### Given entries
• • • • • • •

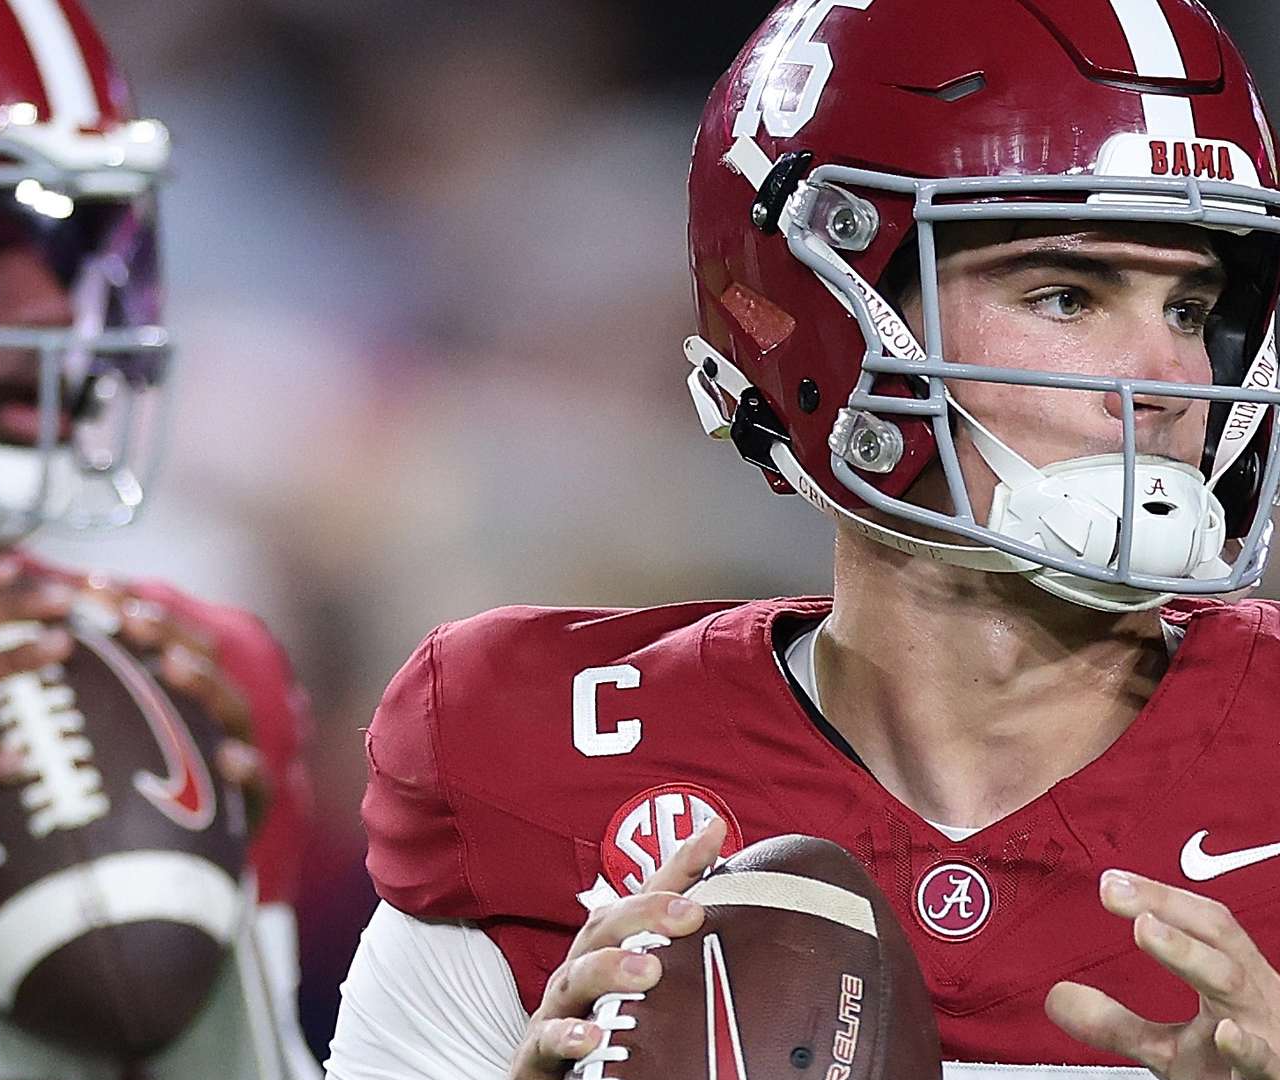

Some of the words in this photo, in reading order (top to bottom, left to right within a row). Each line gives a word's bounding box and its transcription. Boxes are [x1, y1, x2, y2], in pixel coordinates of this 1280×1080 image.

[731, 0, 875, 138] 15
[1149, 140, 1234, 181] BAMA
[1225, 355, 1275, 441] CRIMON
[1144, 477, 1168, 497] A
[573, 663, 642, 758] C
[928, 875, 973, 919] A
[833, 973, 864, 1065] ELITE
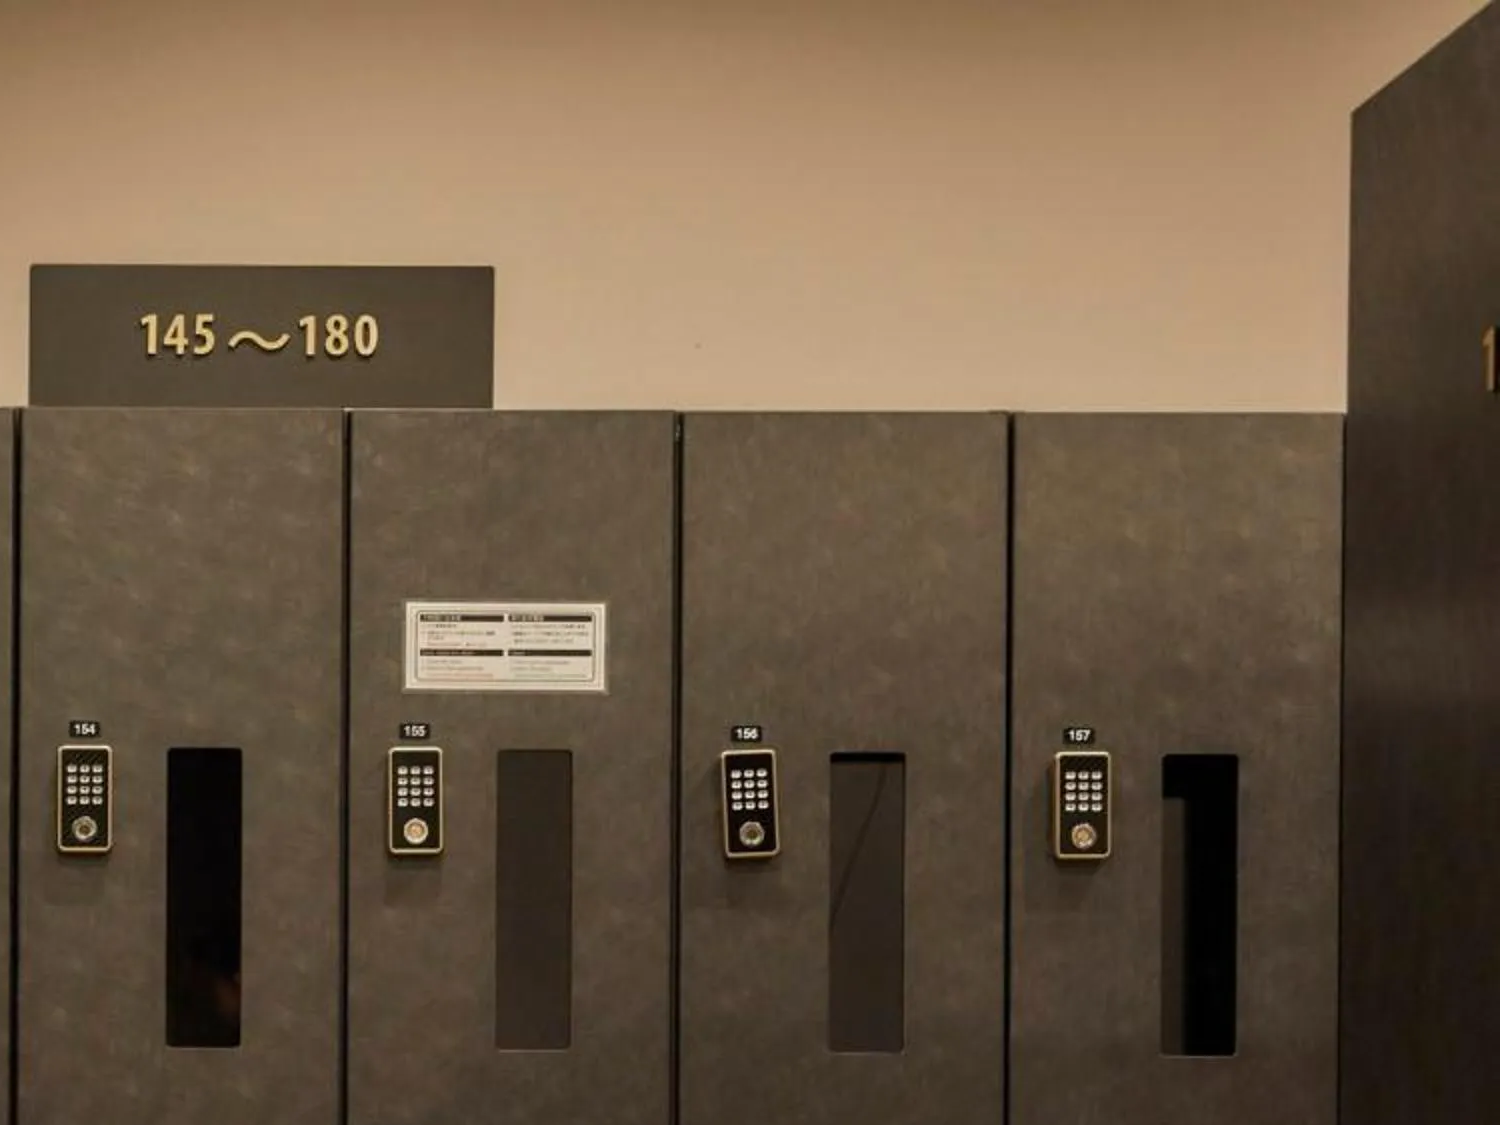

• • • • • • •

### What the task asks
I'd like the entries above repeated exactly, but without any of their pictures.

### Solution to the exercise
Some of the words in this photo, in reading order (top to bottom, left to right within a row). Each line gives a word's bounding box and its transcription. Boxes are [x1, y1, x2, y2], in pixel coordinates of this 1280×1080 image.

[731, 0, 875, 138] 15
[1149, 140, 1234, 181] BAMA
[1225, 355, 1275, 441] CRIMON
[1144, 477, 1168, 497] A
[573, 663, 642, 758] C
[928, 875, 973, 919] A
[833, 973, 864, 1065] ELITE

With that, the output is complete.